ご覧のとおり、コロナ前の2019年度と比較すると、きのくに線(「くろしお」)、山陰線(「きのさき」等)が8割以上となっているのに対し、福知山線(「こうのとり」)は7割程度と回復の遅さが目に付きます。
しかも比較している区間をみると、例えば「くろしお」の和歌山〜箕島間に対し、「こうのとり」は大阪〜三田(さんだ)間と、最も利用者が多いと考えられる区間、そして人口減少の影響が他線区ほど大きくないと考えられる区間で比較してこの結果でありますので、「コロナ前7割」という数値以上に実態は深刻なのかも知れません。
「こうのとり」の沿線には、宝塚市や三田市、丹波篠山市といった都市が所在し、これら沿線からの着席利用のニーズも高いものと思われますが、それであってもなぜ、このような回復の遅さとなっているのか。

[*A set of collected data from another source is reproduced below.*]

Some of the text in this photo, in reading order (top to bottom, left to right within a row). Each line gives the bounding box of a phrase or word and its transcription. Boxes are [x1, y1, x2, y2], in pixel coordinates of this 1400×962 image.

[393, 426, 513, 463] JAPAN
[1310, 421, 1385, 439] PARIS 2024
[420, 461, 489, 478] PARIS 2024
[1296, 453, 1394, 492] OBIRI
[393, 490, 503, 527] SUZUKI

ヒントとなりそうなものの一つとして思いついたのが、大阪〜三田の高速バスであります。
(参考)
6年で本数“53倍”!? 高速バスで爆速成長した「新たな幹線」とは きっかけは新名神 運用効率が良すぎる!? | 乗りものニュース
この記事で紹介されている大阪〜三田線のバスは、上記記事によりますと、新名神高速道路の開通に伴い、中国自動車道の渋滞緩和が見込まれるとして、2018年に開業し、その後本数が激増し、現在は53往復(運行開始時は1往復)と、急成長を遂げた路線とのことです。
(参考)
神姫バス 三田からの特急 急行 快速バス情報|伊丹空港・新大阪・大阪
この神姫バス路線は、ゆりのき台、フラワータウン、そして関西(かんせい)学院大学(神戸三田キャンパス)を発着地としており、三田駅に乗り入れているわけではないため、直接「こうのとり」と競合しているわけではありません。

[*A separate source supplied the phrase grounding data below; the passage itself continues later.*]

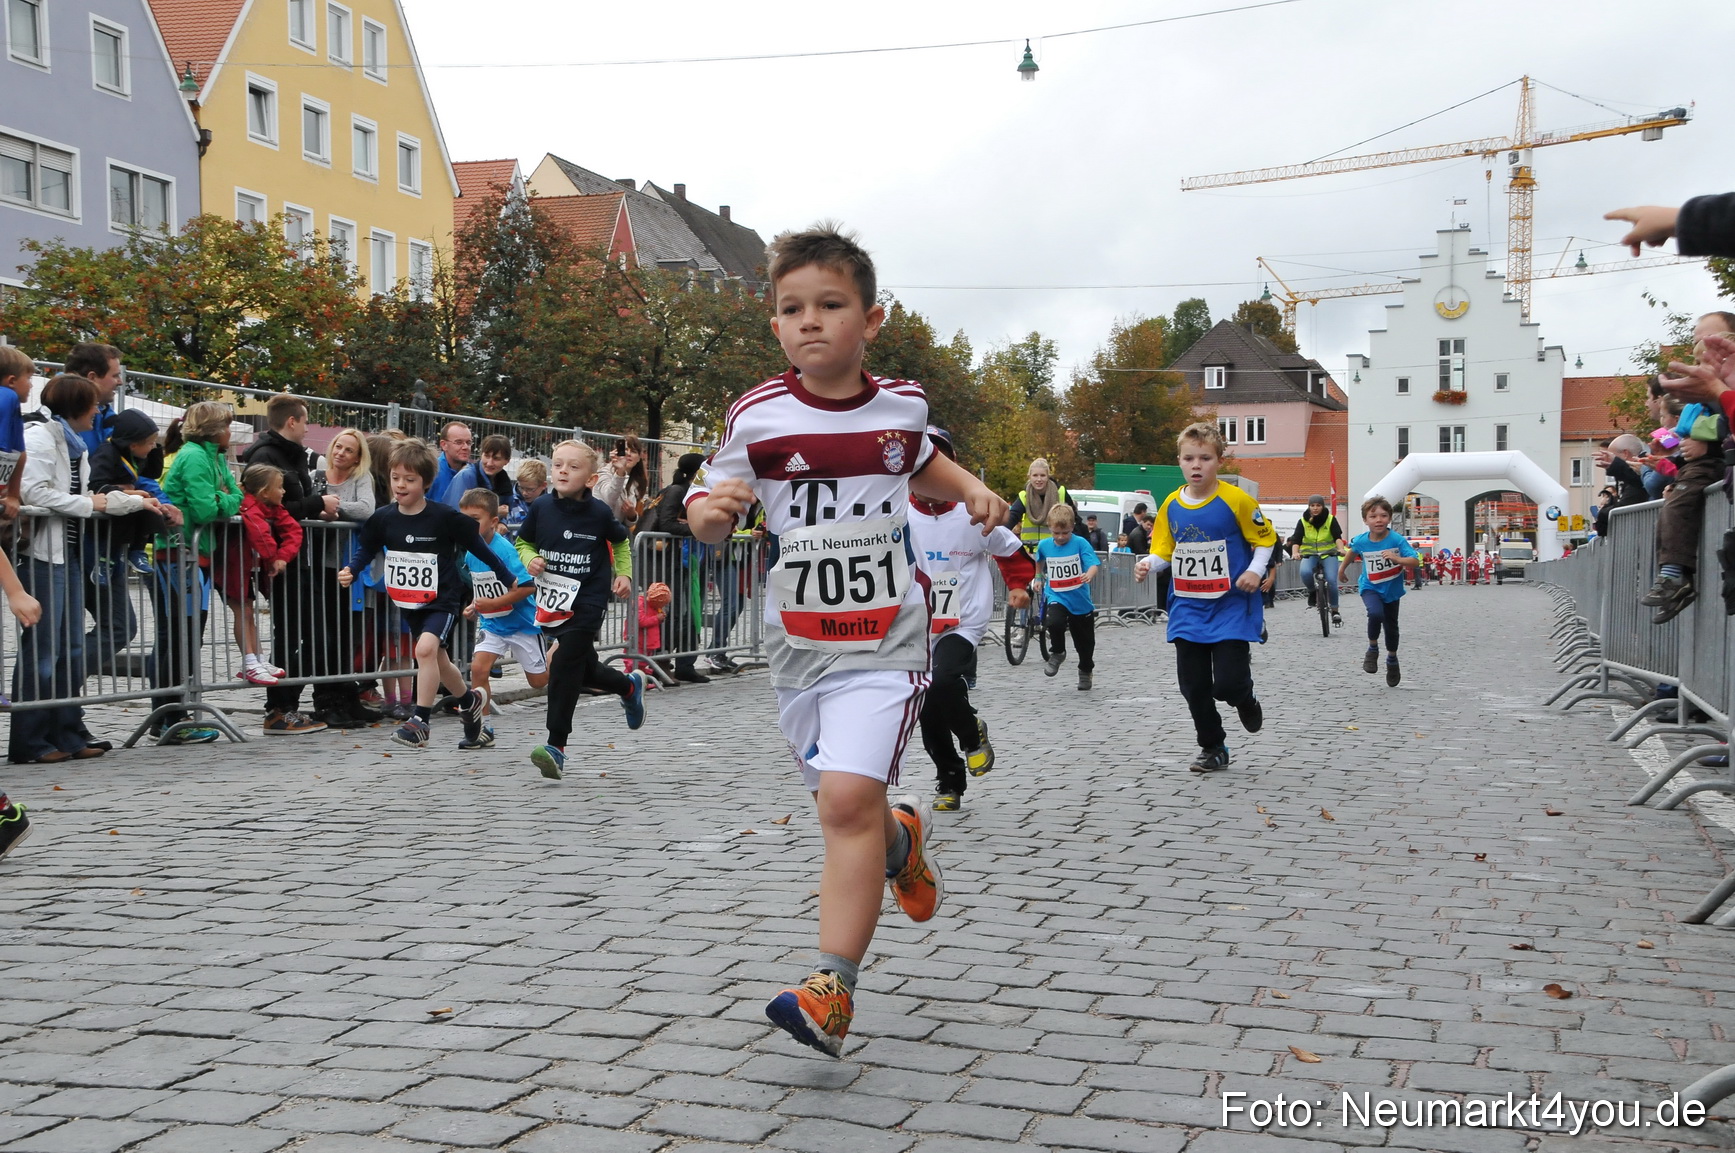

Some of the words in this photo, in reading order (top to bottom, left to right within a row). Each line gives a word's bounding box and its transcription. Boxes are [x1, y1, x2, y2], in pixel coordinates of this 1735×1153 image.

[785, 464, 810, 472] adidas
[822, 533, 887, 550] Neumarkt
[400, 556, 428, 564] Neumarkt
[949, 549, 974, 557] energie
[1050, 563, 1079, 579] 7090
[1175, 555, 1224, 577] 7214
[388, 565, 433, 588] 7538
[542, 577, 570, 590] Neumarkt
[785, 551, 897, 606] 7051
[1186, 582, 1214, 590] Vincent
[820, 617, 879, 636] Moritz

しかし、三田駅周辺と同様に人口の多いニュータウンを縫った後、中国自動車道を経由して大阪市内へ直行する路線でありますし、この路線が大増発した結果、従来「こうのとり」を利用していた利用者がこちらの高速バスに移行していたとしても、何ら不思議な話ではなさそうです。

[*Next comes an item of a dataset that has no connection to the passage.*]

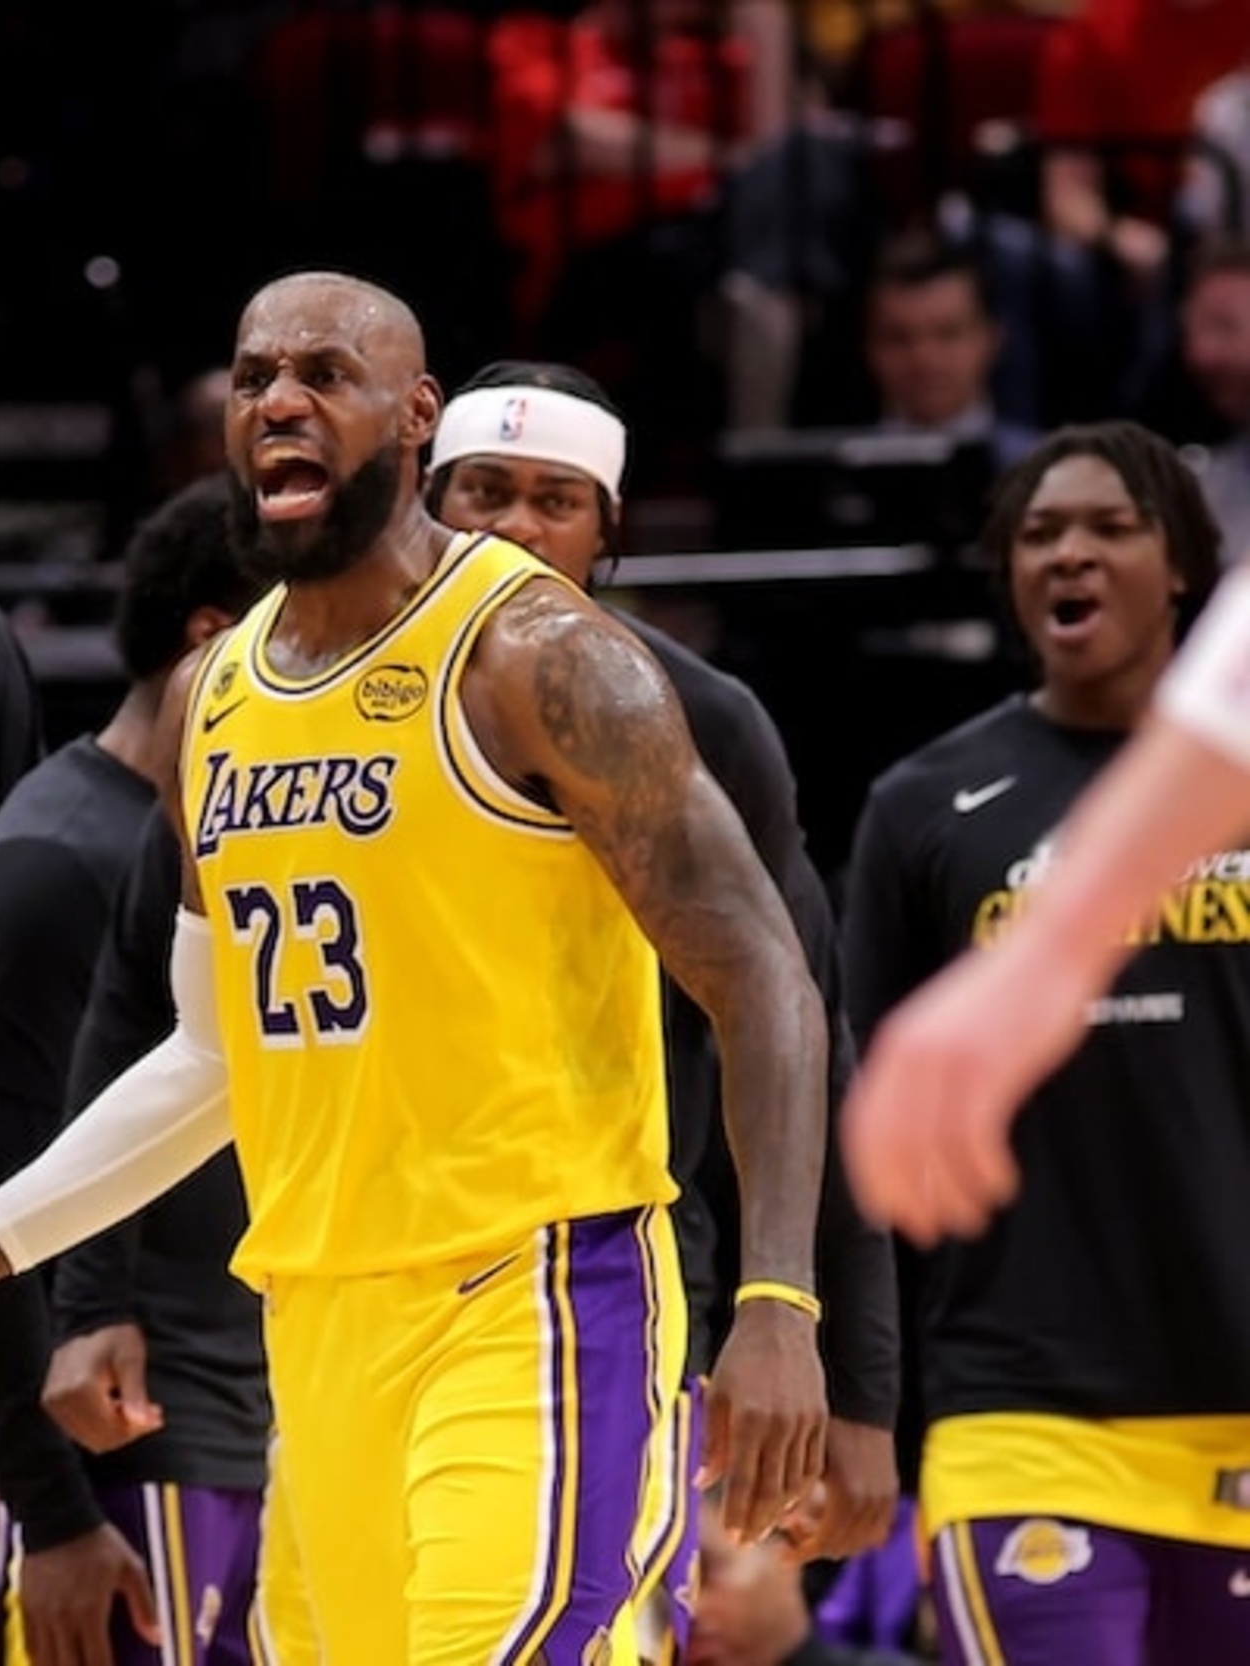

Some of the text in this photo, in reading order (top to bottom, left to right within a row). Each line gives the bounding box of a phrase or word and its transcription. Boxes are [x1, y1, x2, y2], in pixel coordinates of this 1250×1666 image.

[362, 678, 424, 706] bibigo
[195, 750, 398, 858] LAKERS
[223, 878, 370, 1044] 23

そう考えると、「こうのとり」については、今後も利用者数の好転はなかなか見込めないと考えられ、引き続きテコ入れ施策の実施が続くものと考えられそうです。
今後どのような施策が実施されるかは分かりませんが、素人の私の思いつきで恐縮ですが、例えば、現在朝夕に限定している「西宮名塩(にしのみやなじお)」の停車列車を拡大して、高速バスと競合しないエリアの利用者確保などが考えられそうです。
一方、「こうのとり」の利用者回復が更に見込めないとなれば、223系・225系「丹波路快速」への「うれしート」導入とセットで「こうのとり」減便が実施されるというのも、あり得ない話ではないような気がします。
ともあれ、最近少なからず目につく「こうのとり」関係キャンペーンが気になっていたので、ちょっと調べてみたところ、色々と考えさせられる結果となりました。
勿論、大阪から福知山・城崎温泉方面への観光利用等は引き続き担っていくわけですが、利用状況次第では大きな変更が考えられそうだ、とも感じた次第です。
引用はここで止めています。